As an essential part of the project high temperature mechanical test equipment was developed to carry out tensile creep, bending creep, tension/compression cyclic fatigue, and measurement of crack growth rates in doubled torsion and compact tension. The tensile creep and fatigue rigs utilised long rod specimens (150mm) which protruded from the furnace ends allowing cold gripping. For both types of test bending on the specimens was maintained at less than 5%. One of the aims of the project was to obtain mechanical property data from a variety of test methods and specimen geometries in an attempt to determine real material specific properties.
Three materials have been produced. The first was a mullite material, the second was a zircon material and the third was developed from the zircon material to have a lower volume fraction glassy phase and to consist of the crystalline phases zircon-mullite-zirconia. The mullite material had 2 vol % glass, the zircon material 9 vol % and the zircon-mullite-zirconia had a value nearer to that of mullite.
For the mullite and the zircon-mullite-zirconia materials creep rates measured in tension and bending were comparable, with bending being 2-4 times faster. For the zircon material creep measured in tension was two orders of magnitude faster than that measured in bending. This is probably due to the fact that the presence of such a large volume fraction of glassy/liquid phase resulted in creep in tension being much faster than in compression. with bending creep being controlled by the slower creep rate on the compression face. For all materials, particularly at the highest test temperatures, the most damaging loading condition was static tension. Cyclic loading prolonged specimen lives, whether tension/compression or simply partial unloading tension/tension. Furthermore, measured cyclic crack growth rates were always slower than crack growth rates in statically loaded specimens. This behaviour is the result of crack healing due to the presence of the glassy phase.

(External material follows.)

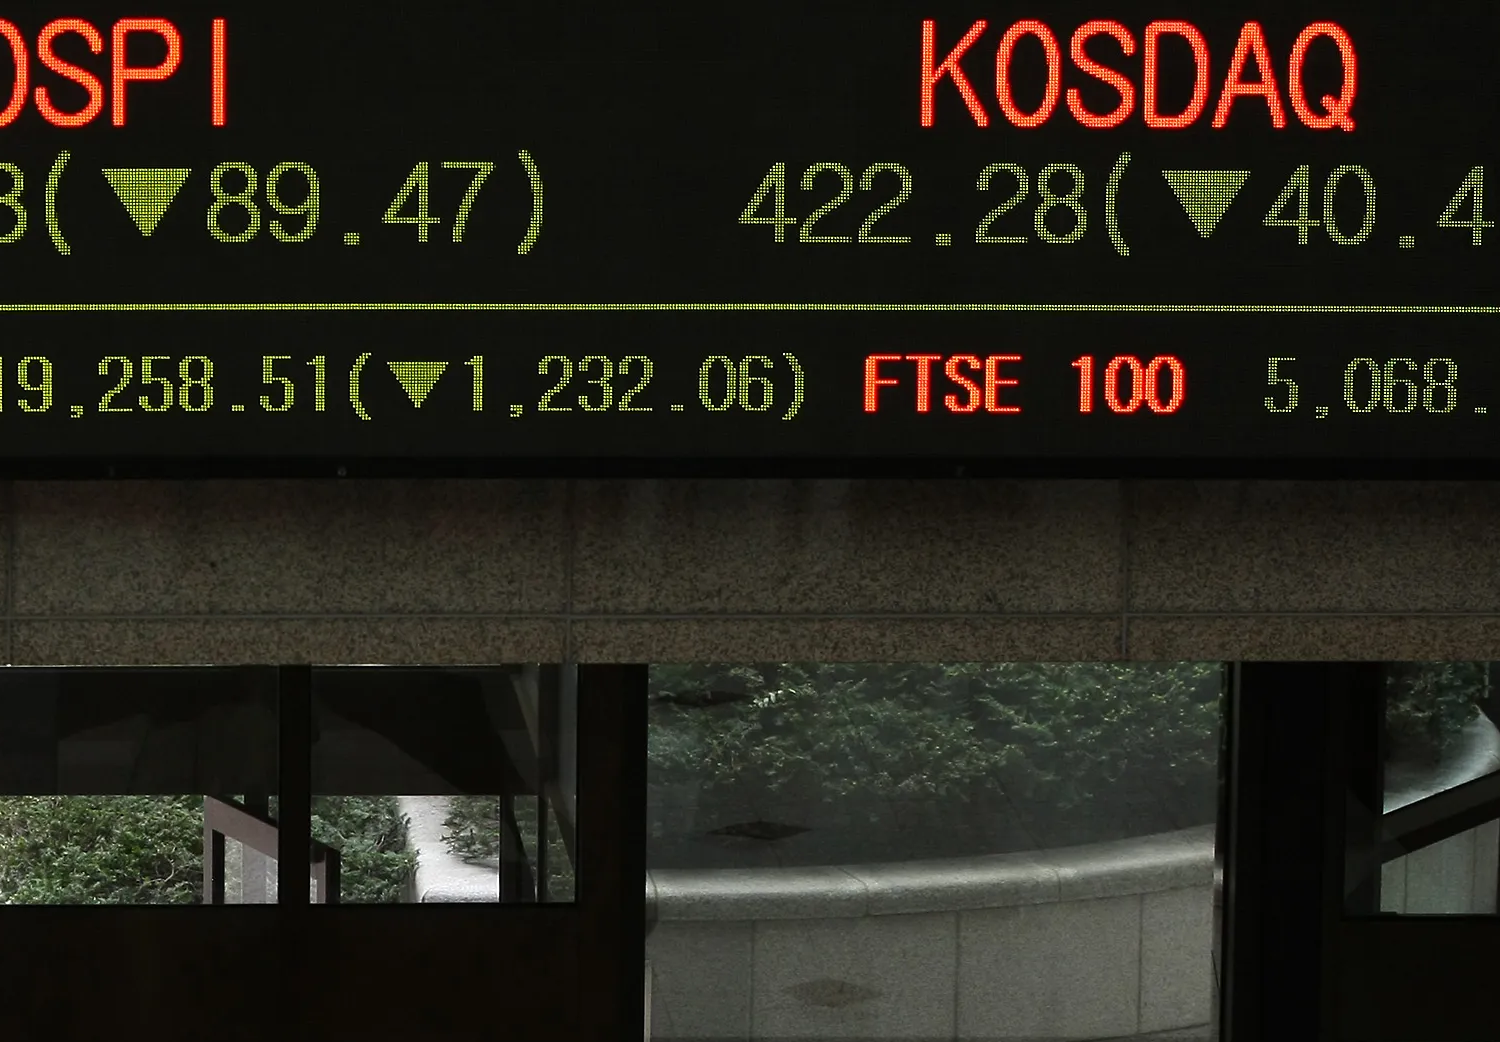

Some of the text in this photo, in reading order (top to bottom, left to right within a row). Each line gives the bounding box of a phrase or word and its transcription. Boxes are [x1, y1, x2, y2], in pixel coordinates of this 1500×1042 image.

[920, 18, 1358, 132] KOSDAQ
[863, 353, 1023, 414] FTSE
[1071, 354, 1186, 415] 100

The mullite and zircon-mullite-zirconia materials have potential for further development. For the current materials in the temperature range 1200(C - 1400(C, the minimum creep rates for mullite are 2 orders of magnitude slower, the times to fracture are 3 orders of magnitude longer and the cyclic behaviours at 1200(C (zircon-mullite-zirconia) and 1400(C are comparable. The mullite material is the more expensive as a result of the high sintering temperature. However, the zircon-mullite-zirconia material has by far the greater potential for improvement of its high temperature properties. Both should be considered as possible materials for use as energy efficient gas burning radiant heater tubes or radiating plates.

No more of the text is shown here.